Ambra incident

InteleShare Incident

Ambra experienced a minor incident on August 29, 2024 affecting Web Services and Image Processing and 1 more component, lasting 1h 18m. The incident has been resolved; the full update timeline is below.

Started: Aug 29, 2024, 02:17 PM UTC
Resolved: Aug 29, 2024, 03:36 PM UTC
Duration: 1h 18m
Detected by Pingoru: Aug 29, 2024, 02:17 PM UTC

Affected components

Web ServicesImage ProcessingImage Viewing

Update timeline

investigating Aug 29, 2024, 02:17 PM UTC

We have received reports of issues on the InteleShare platform. Engineering teams are currently investigating. Additional information will be provided as soon as it is available.
identified Aug 29, 2024, 02:39 PM UTC

Our Engineering teams have identified a general instability in storage and are actively investigating and working to identify a fix.
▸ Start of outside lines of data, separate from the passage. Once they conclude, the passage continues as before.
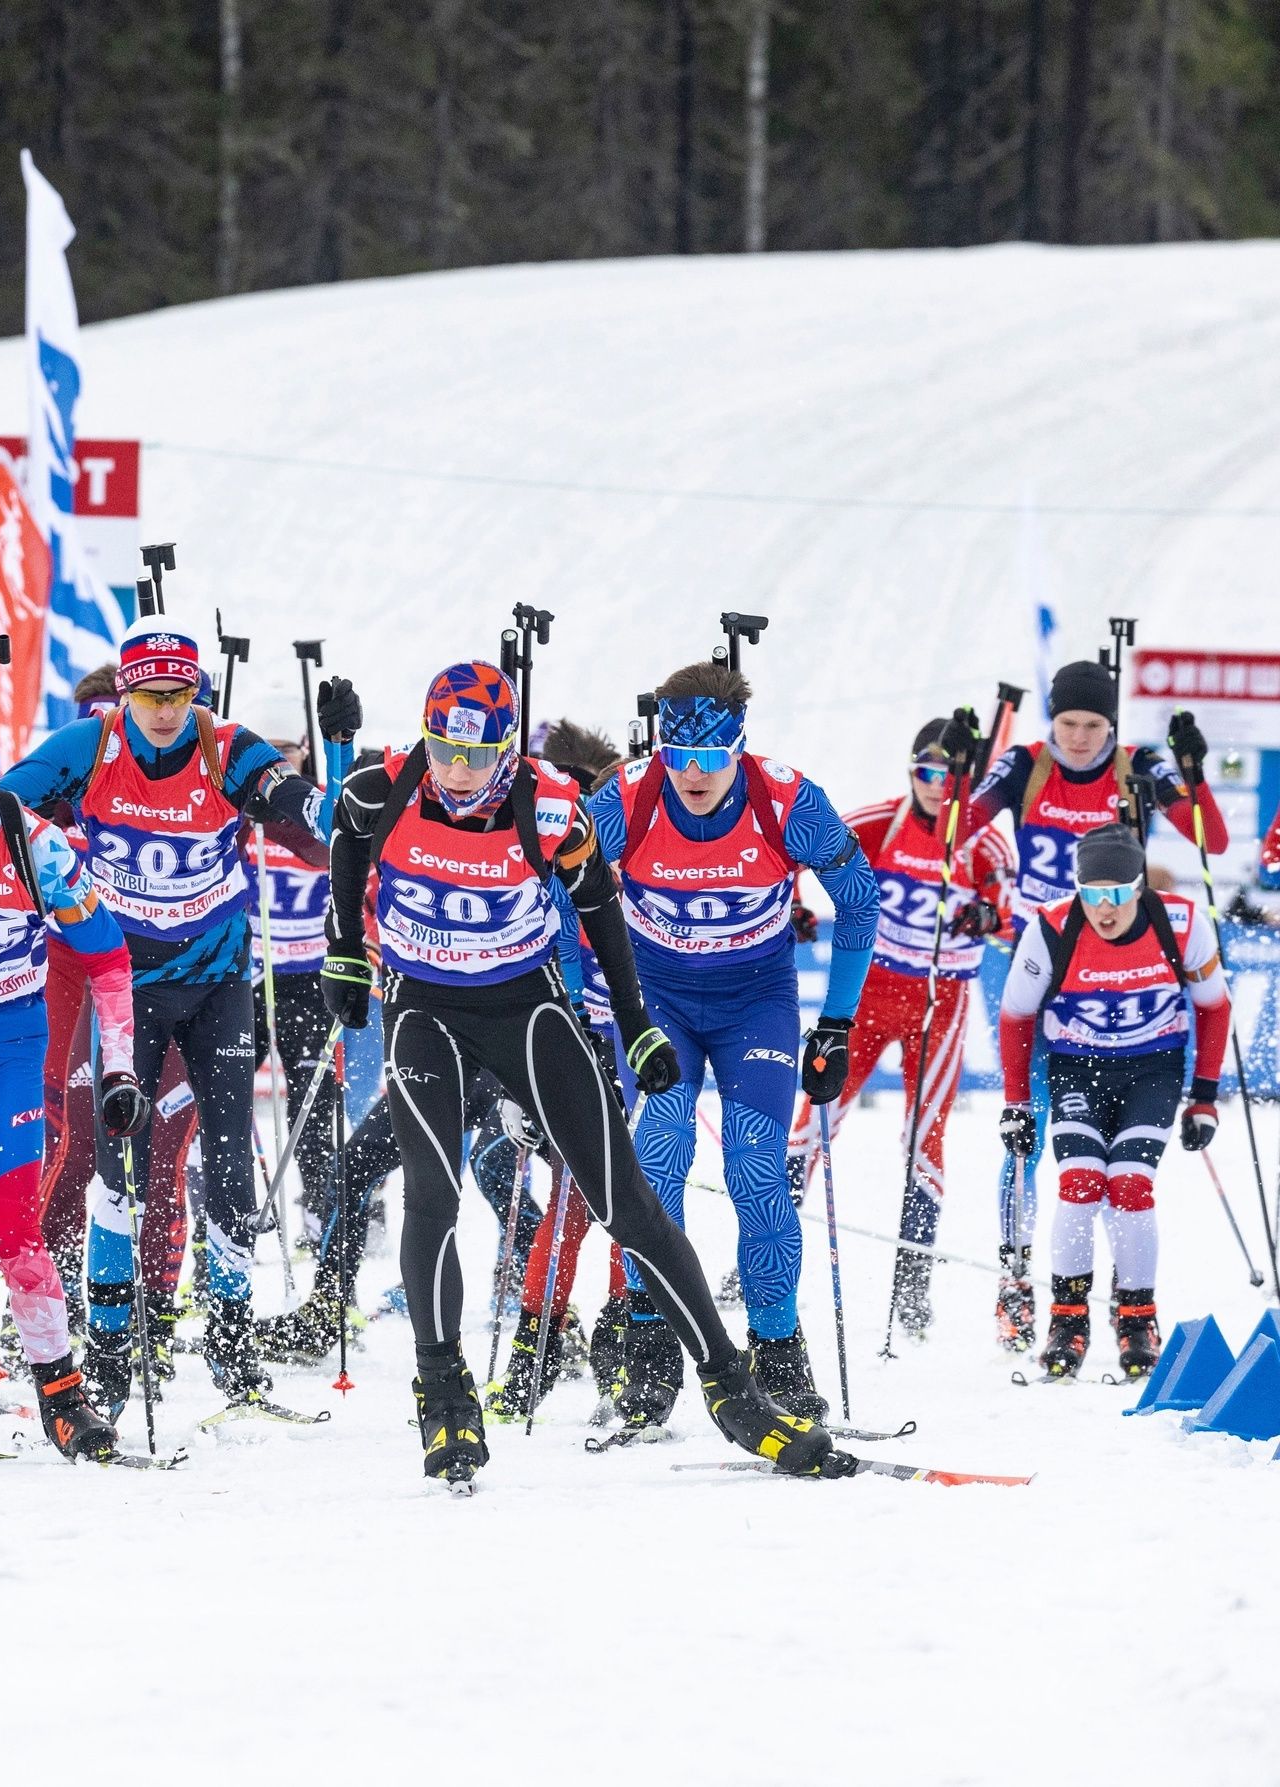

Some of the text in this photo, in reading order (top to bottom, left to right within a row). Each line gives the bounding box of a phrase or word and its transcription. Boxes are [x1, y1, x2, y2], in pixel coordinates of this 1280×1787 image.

[111, 796, 193, 822] Severstal
[537, 811, 567, 827] VEKA
[95, 830, 224, 880] 206
[408, 846, 509, 878] Severstal
[1030, 834, 1078, 881] 21
[113, 869, 148, 893] RYBU
[652, 861, 744, 881] Severstal
[257, 874, 321, 912] 17
[168, 908, 180, 918] &
[410, 921, 452, 948] RYBU
[674, 937, 710, 951] CUP
[1078, 962, 1169, 984] Северсталь
[216, 1047, 256, 1057] NORDS
[743, 1049, 796, 1068] KV+
[67, 1078, 94, 1087] adida
[12, 1108, 45, 1127] KV+
[528, 1317, 539, 1332] 8
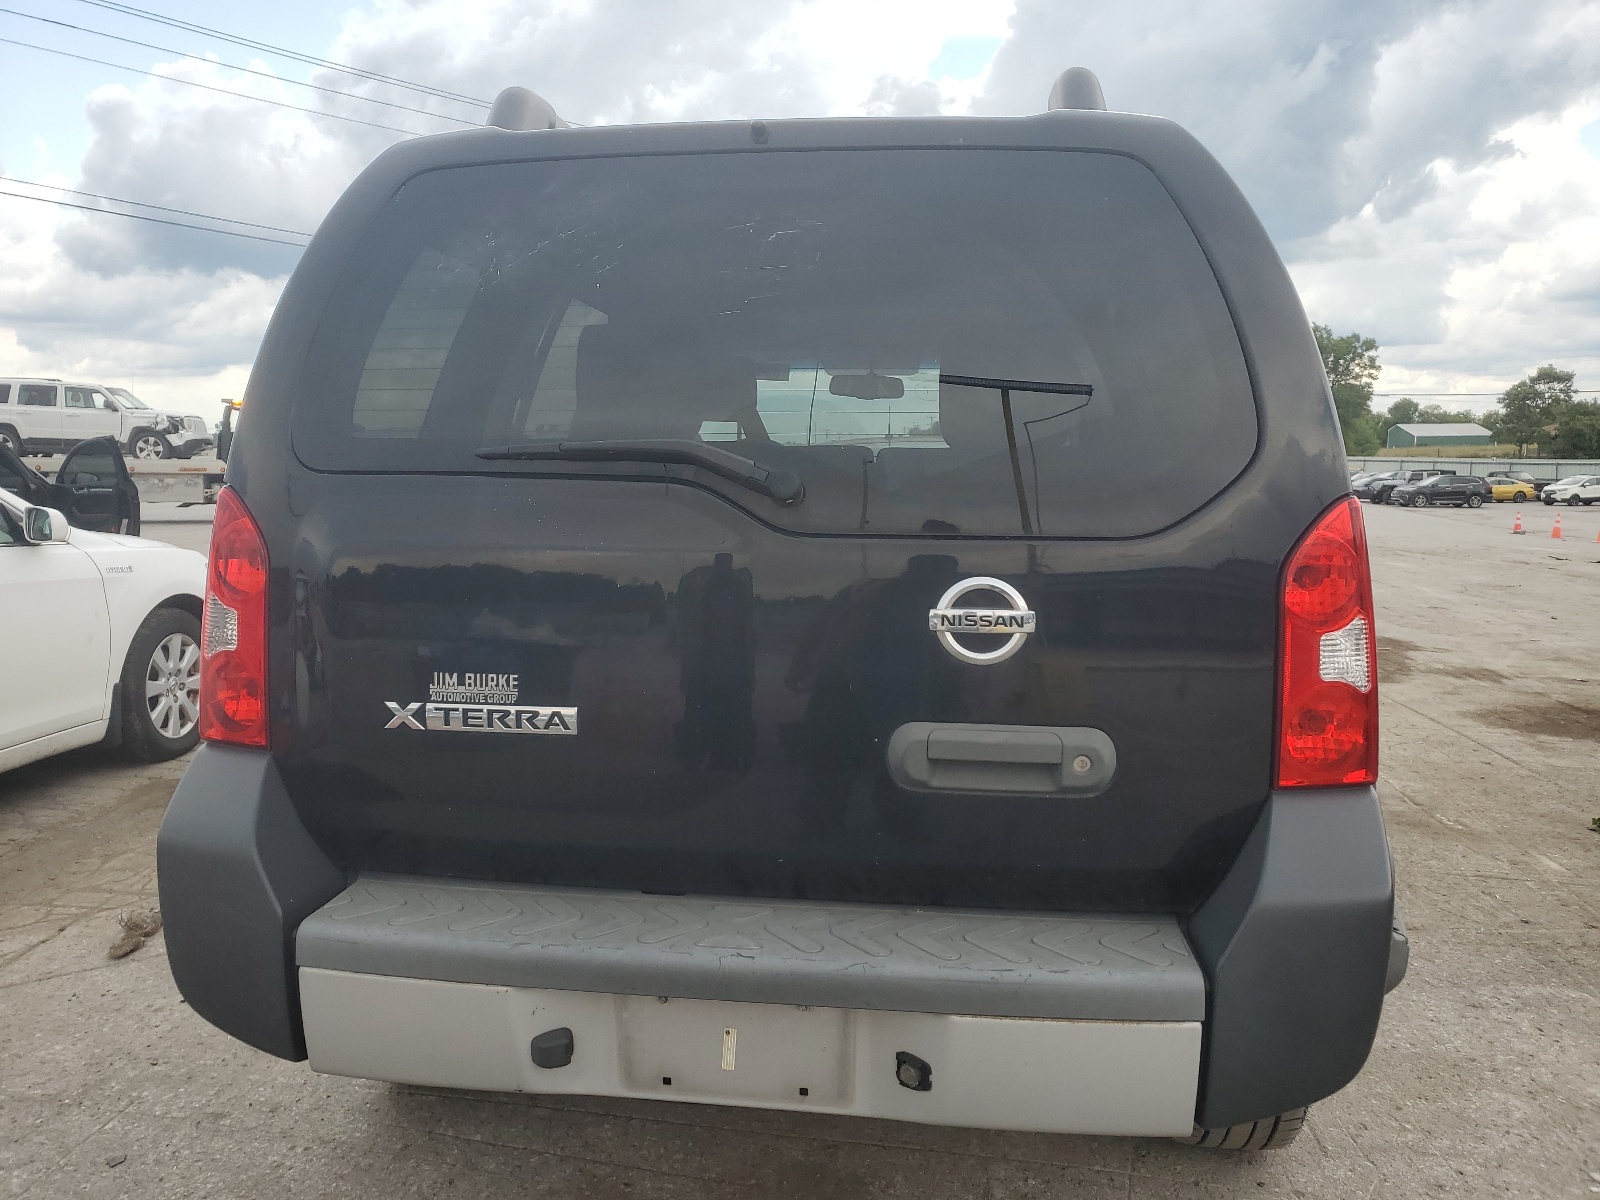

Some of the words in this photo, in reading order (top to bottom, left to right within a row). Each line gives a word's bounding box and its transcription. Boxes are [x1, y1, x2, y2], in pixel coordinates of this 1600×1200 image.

We understand the urgency and we appreciate your patience as we work to address the issue.
monitoring Aug 29, 2024, 02:56 PM UTC

Our Engineering team has applied updates to address the image viewing issues. You should now notice an improvement when viewing studies. The team is still monitoring the situation to ensure everything remains stable.
resolved Aug 29, 2024, 03:36 PM UTC

The incident has been resolved and service is back to normal levels. Our team will be conducting a root cause analysis and sharing as soon as possible. We will continue to monitor the situation to ensure there are no further issues.
postmortem Dec 12, 2024, 10:49 PM UTC

Issue: Some study uploads were stalling or failing, and some images already present on platform could not be viewed. Root Cause: We experienced an increase in error rates and determined that many of the InteleShare storage processing nodes were flapping between healthy and unhealthy status. As nodes were marked unhealthy, more traffic was routed to each healthy node, overloading them with traffic and causing many of them to be marked as unhealthy as well. The rapid cycling of nodes prevented our autoscaling from receiving accurate information, delaying automatic provisioning of additional nodes to handle the traffic. During this period of instability, requests to view or upload studies may have resulted in HTTP errors or timeouts. Resolution: Some health check logic had changed in the latest InteleShare release, we reverted several of the settings to their previous values and also increased the health check timeouts. This reduced the flapping and allowed systems to remain online while autoscaling stabilized the load.